市町村の借金には「地方債」と「債務負担行為支出予定額」があります。地方債は、市町村が国や県の許可をえて行なう借金ですので、その返済額の一定割合を国が地方交付税で措置してくれます。100億円の借金といっても、その返済の時点で返済する元利金の半分を地方交付税で国が措置(負担)してくれれば、住民が実質的に負担するのは半分で済むことになります。館山市の地方債の多くは5割程度は地方交付税で措置してもらえるとされています。財政力の弱い小さな町村では、交付税で措置してくれる割合は7割程で、住民が負担するのは3割程で済むことになります。

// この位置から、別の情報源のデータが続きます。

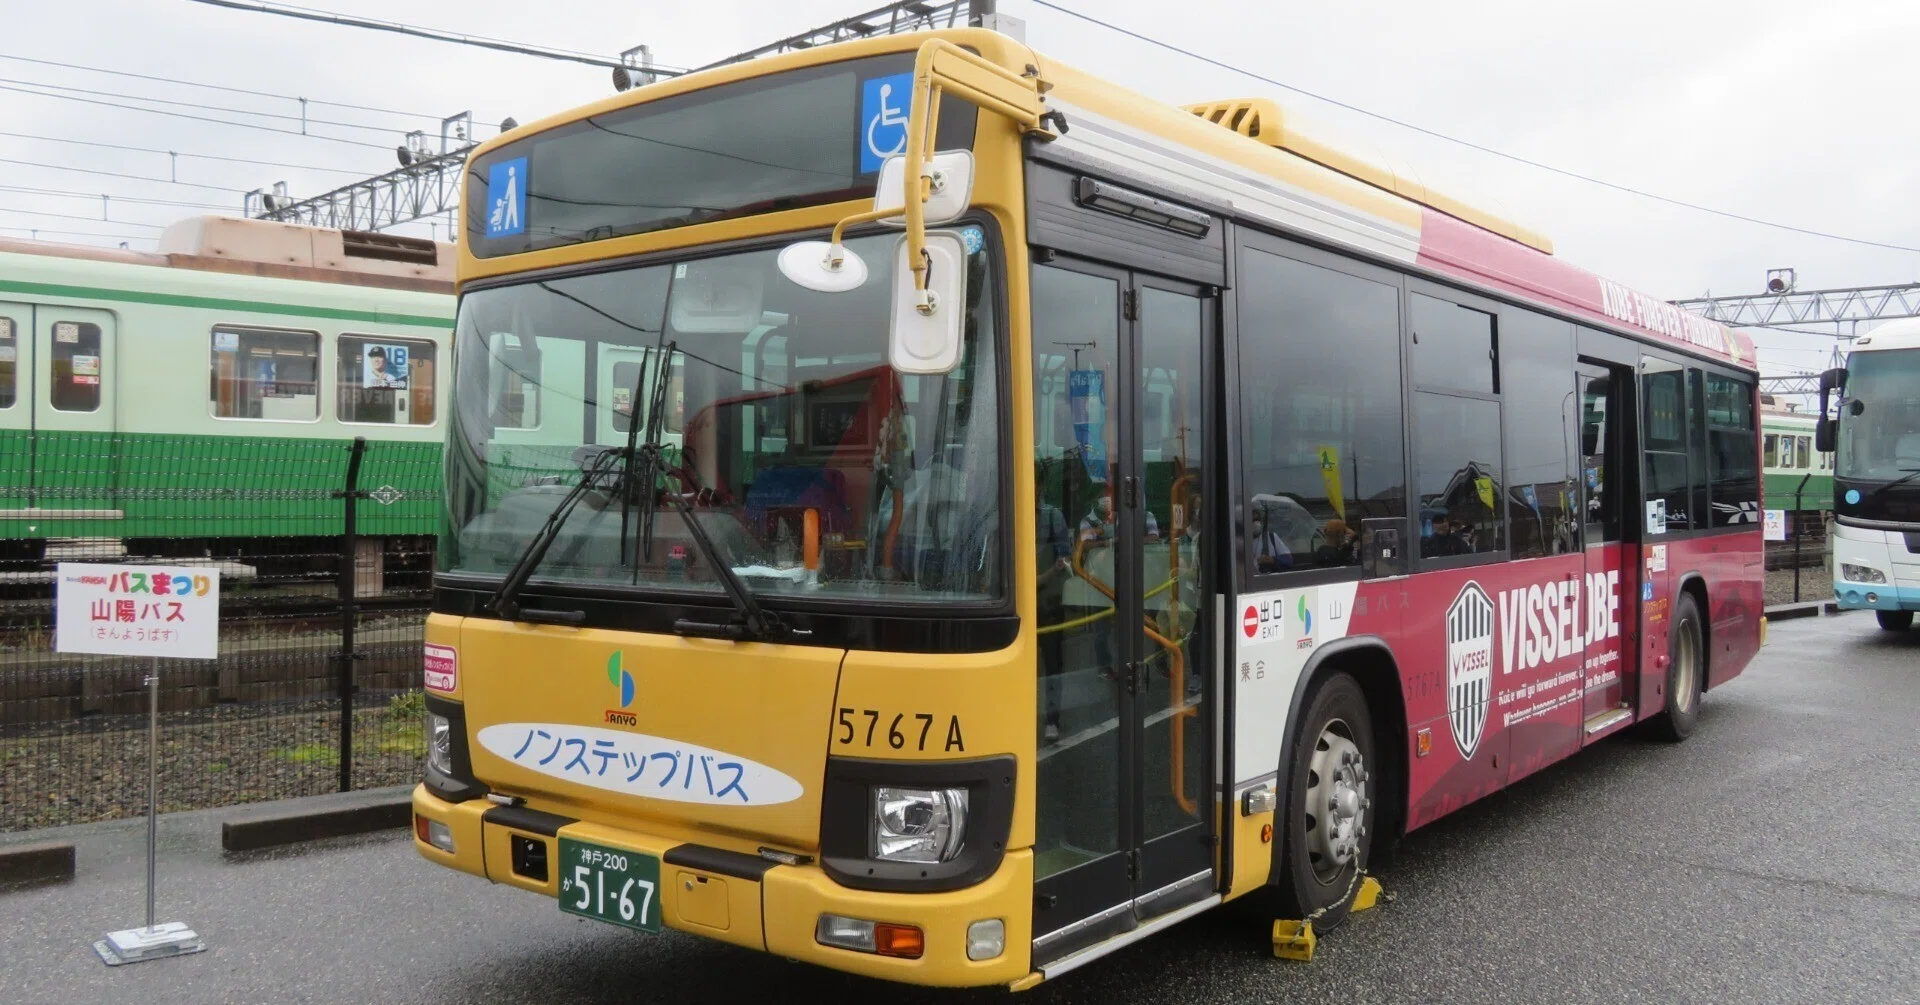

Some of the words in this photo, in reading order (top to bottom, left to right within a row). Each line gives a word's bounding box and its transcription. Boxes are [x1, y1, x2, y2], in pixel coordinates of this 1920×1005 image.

[1598, 278, 1635, 324] KOBE
[386, 347, 406, 366] 18
[109, 571, 211, 597] バスまつり
[91, 598, 185, 623] 山陽バス
[1259, 599, 1283, 623] 出口
[1499, 577, 1584, 675] VISSEL
[1585, 570, 1619, 647] OBE
[1262, 624, 1280, 639] EXIT
[1296, 638, 1313, 650] SANYO
[1240, 659, 1265, 683] 乗合
[1461, 649, 1489, 673] VISSEL
[604, 709, 637, 727] SANYO
[839, 707, 965, 752] 5767A
[513, 729, 749, 802] ノンステップバス
[575, 865, 655, 925] 51-67
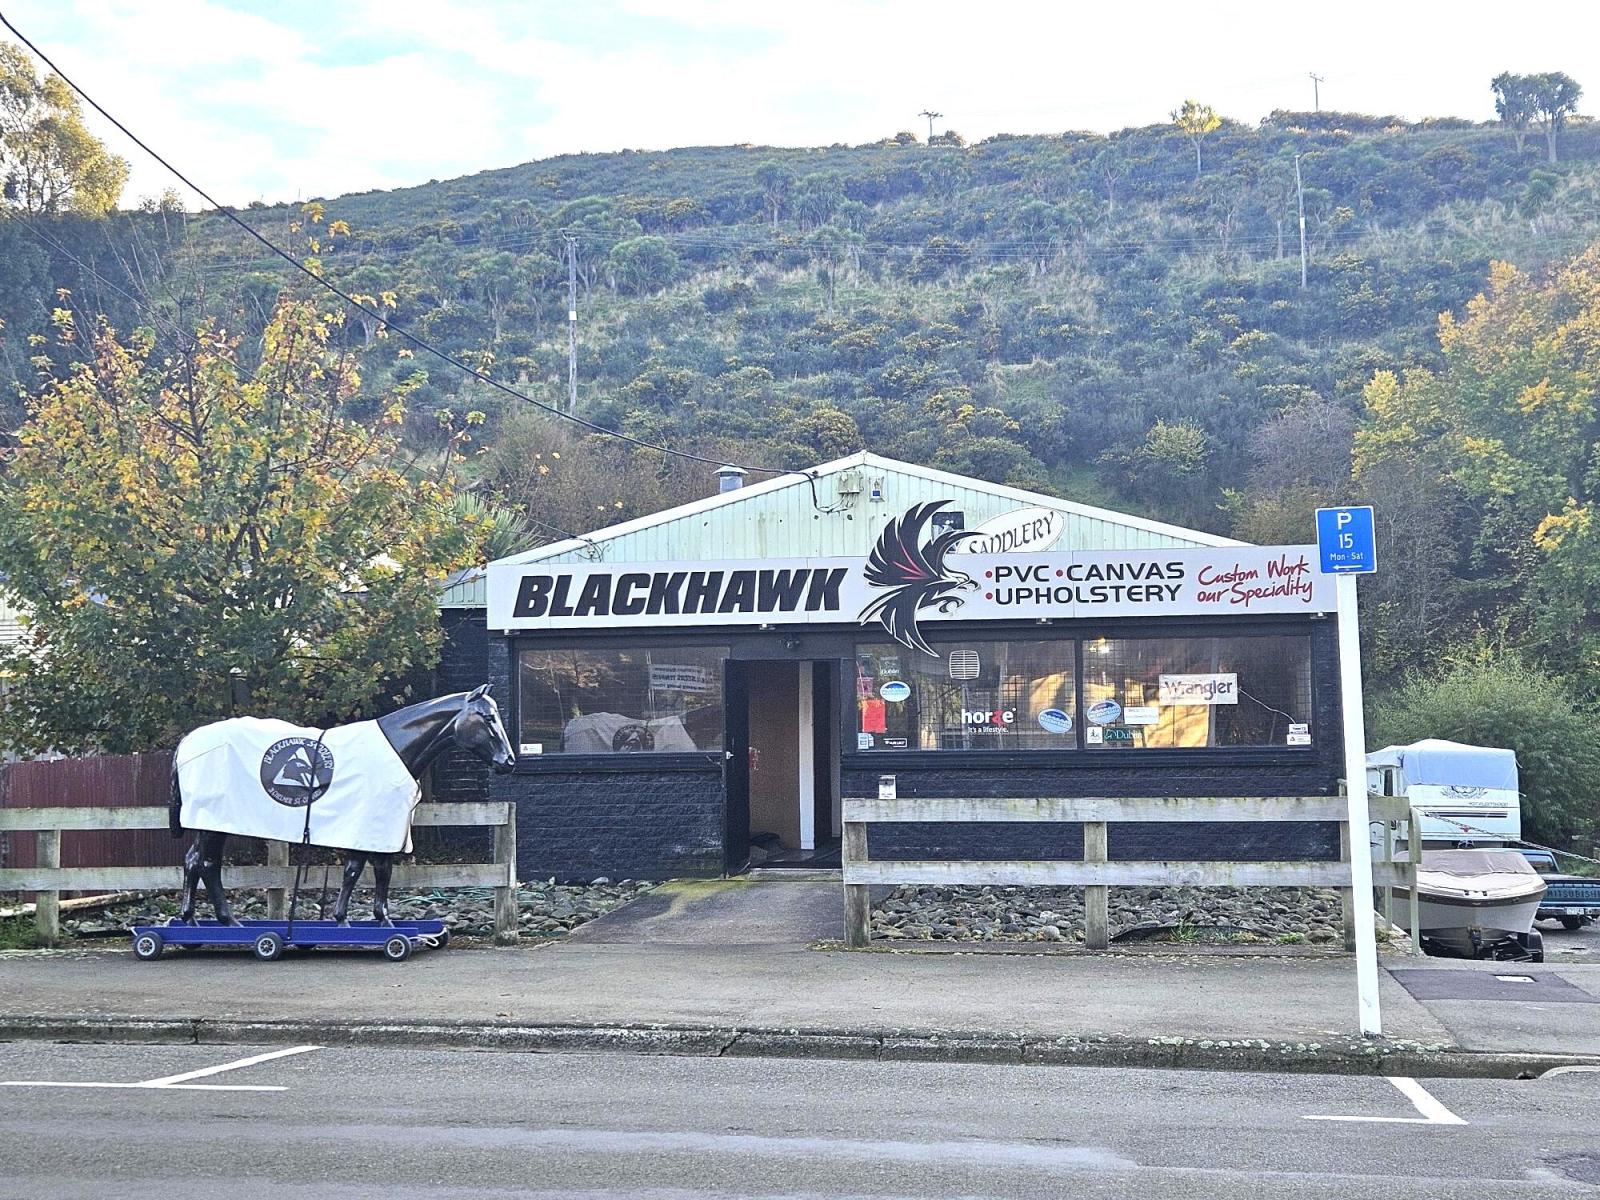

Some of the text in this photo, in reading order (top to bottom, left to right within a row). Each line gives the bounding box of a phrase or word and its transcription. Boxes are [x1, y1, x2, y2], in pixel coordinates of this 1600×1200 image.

[1337, 512, 1352, 530] P
[969, 511, 1054, 553] SADDLERY
[1339, 533, 1353, 549] 15
[1351, 552, 1363, 560] Sat
[995, 562, 1185, 583] PVC CANVAS
[1198, 554, 1310, 585] Custom Work
[513, 568, 848, 618] BLACKHAWK
[995, 584, 1183, 605] UPHOLSTERY
[1197, 575, 1313, 607] our Speciality
[1164, 680, 1233, 700] Wrangler
[264, 738, 307, 765] BLACKHAWK

これに対して、鴨川市の借金の中味ですが、地方債よりも「債務負担行為支出予定額」が巨額になっている(参考資料1を参照)のが特徴です。鴨川市が別会社(鴨川市開発公社)を作り、そこが開発の実施主体となり、開発資金を銀行から借りて、鴨川市がその保証人になるという仕組みをつくりました。債務負担行為支出予定額とは、鴨川市が鴨川市開発公社の保証人として肩代わりする支払いのことです。

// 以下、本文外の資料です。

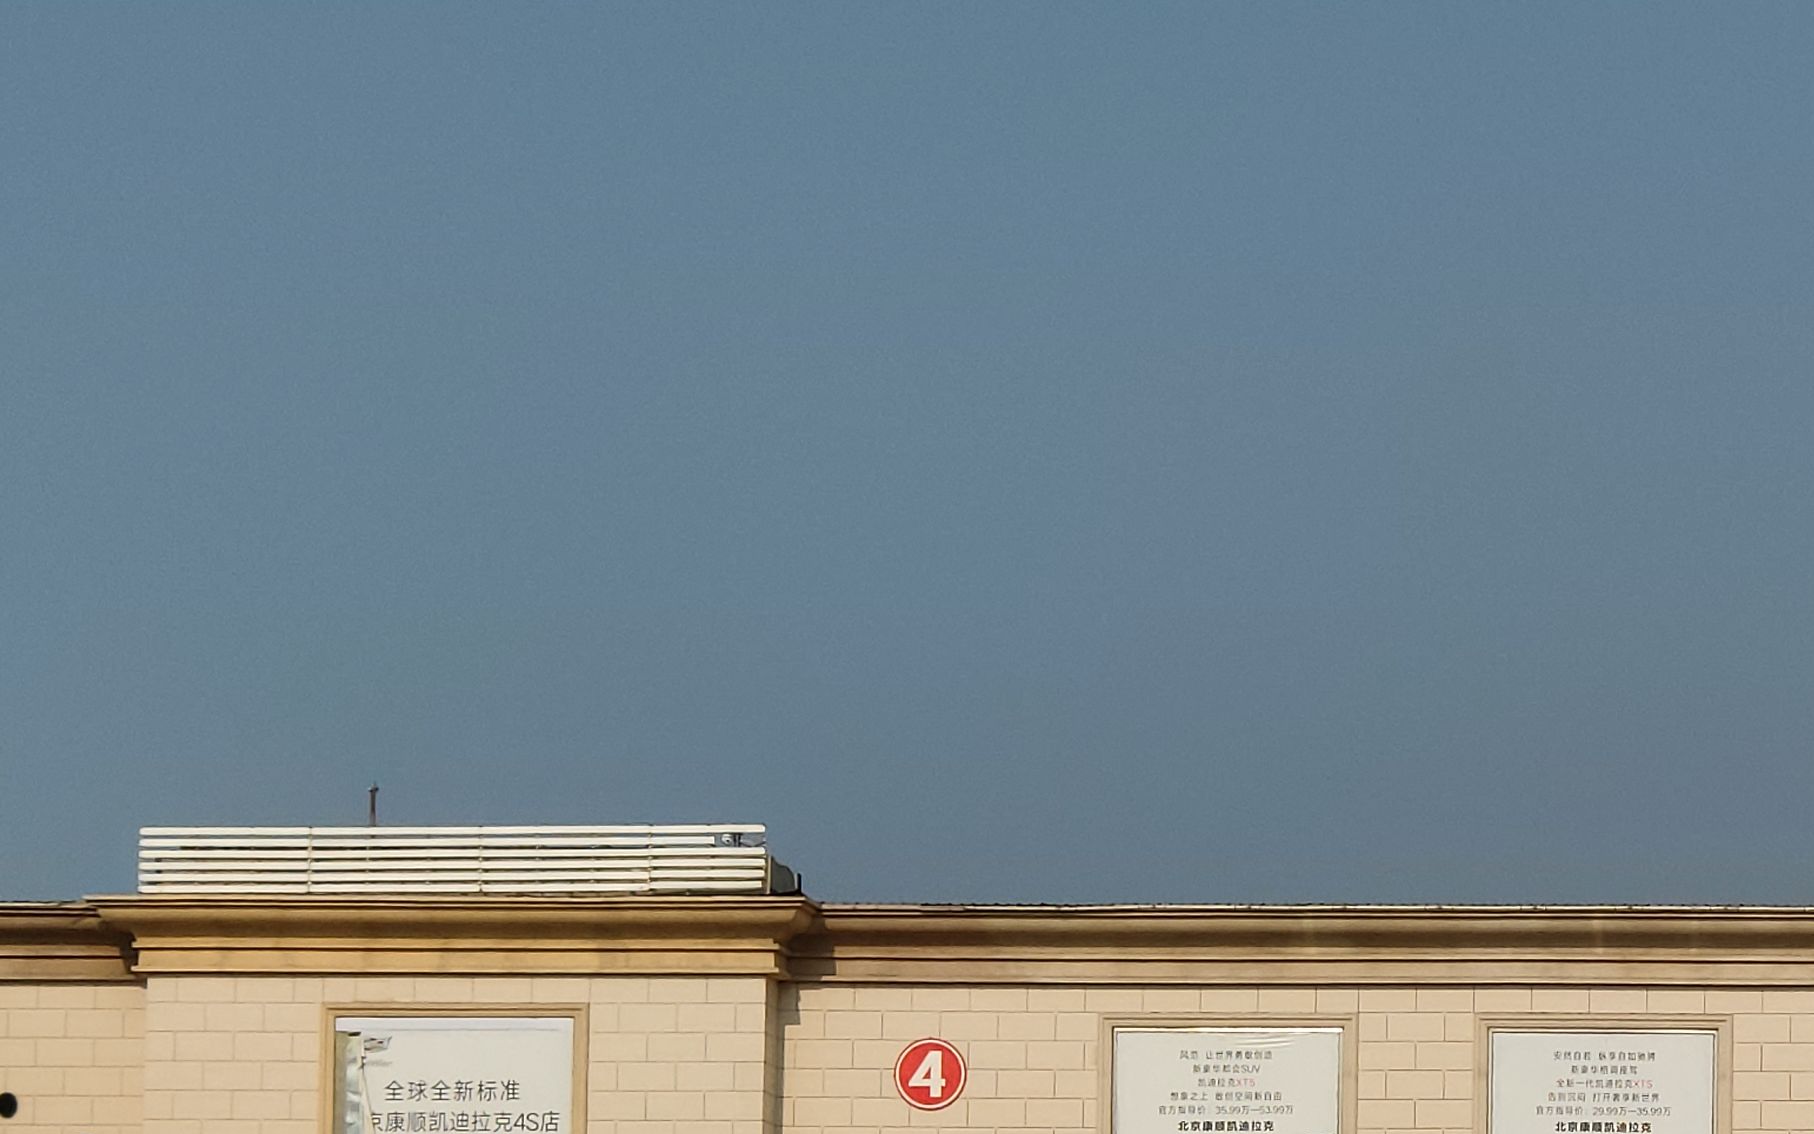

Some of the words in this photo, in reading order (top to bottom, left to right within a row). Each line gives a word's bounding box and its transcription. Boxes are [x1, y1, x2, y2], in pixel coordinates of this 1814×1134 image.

[908, 1050, 946, 1098] 4
[384, 1080, 521, 1101] 全球全新标准
[1178, 1120, 1274, 1132] 北京康顺凯迪拉克
[1555, 1121, 1652, 1133] 北京康顺凯迪拉克

鴨川市は、鴨川市開発公社をつかって、太海地区に100億円をかけて土地を取得・造成し、早稲田大学などにセミナハウス用地として無償贈与しました。鴨川市開発公社が銀行から借金したこの100億円は、債務保証した鴨川市が元利とも返済します。これは、国の許可を得た地方債ではないので交付税では措置されず、返済額が全て鴨川市の負担になります。このため、この負担は地方債に比べて2〜3倍以上も重い負担となるのです。鴨川市は、住民あたり債務負担行為支出予定額の多さは全国屈指であり、住民の負担が重たい借金をたくさん背負っていることになります。感情をまじえず冷静に見てみると、鴨川市の財政状況があまりにも悪かったことが明らかになった、これが11市町村合併協議の結果だったと理解しています。
(ご意見をお寄せください。神田まで)
(参考資料1)
地方債残高・債務負担(平成12年度)
| 地方債現在高(千円) | 債務負担行為支出予定額(千円) | 将来債務比率(%) |
館山市 | 18,967,346 | 1,941,537 | 194.3 |
鴨川市 | 13,326,670 | 10,052,139 | 303.5 |
富浦町 | 2,852,175 | 0 | 152.1 |
富山町 | 3,150,963 | 12,125 | 140.5 |
鋸南町 | 6,651,188 | 880,346 | 245.4 |
三芳村 | 1,968,108 | 71,270 | 123.1 |
白浜町 | 2,590,873 | 0 | 128.2 |
千倉町 | 4,144,173 | 213,914 | 136.9 |
丸山町 | 3,029,611 | 8,022 | 139.9 |
和田町 | 3,128,261 | 0 | 157.6 |
天津小湊町 | 3,073,690 | 36,639 | 139.5 |
出典「市町村合併検討基礎調査報告書」36ページ
将来債務比率=(地方債残高+債務負担行為支出予定額)÷標準財政規模
(参考資料2)
市町村 | 地方債残高(百万) | 債務負担行為支出予定額(百万) | 合計残(百万) | 人口 | 千人当残高 | 館山市と比較 |
| A | B | C=A+B | D | E=C÷D | F |
館山市 | 18.967 | 1.941 | 20.908 | 51.412 | 406.7 | 100.0 |
鴨川市 | 13.326 | 10.052 | 23.378 | 29.981 | 779.8 | 191.7 |
富浦町 | 2.852 | 0 | 2.852 | 5.689 | 501.3 | 123.3 |
富山町 | 3.150 | 12 | 3.162 | 6.070 | 520.9 | 128.1 |
鋸南町 | 6.651 | 880 | 7.531 | 10.521 | 715.8 | 176.0 |
三芳村 | 1.968 | 71 | 2.039 | 4.744 | 429.8 | 105.7 |
白浜町 | 2.590 | 0 | 2.590 | 6.029 | 429.5 | 105.6 |
千倉町 | 4.144 | 213 | 4.357 | 13.161 | 331.0 | 81.4 |
丸山町 | 3.029 | 8 | 3.037 | 5.777 | 525.7 | 129.3 |
和田町 | 3.128 | 0 | 3.128 | 5.684 | 550.3 | 135.3 |
天津小湊町 | 3.073 | 36 | 3.109 | 7.672 | 405.2 | 99.6 |
鴨川市と鋸南町を比べてみると
住民千人あたりの借金残高(地方債残高+債務負担行為支出予定額)では鴨川市がトップですが、鋸南町もかなりのもので遜色ありません。しかし、その中味(借金残高の内訳)では、鴨川市は、債務負担行為支出予定額が、42パーセントもあるが、鋸南町は12パーセントで、その内訳に大きな違いがあります。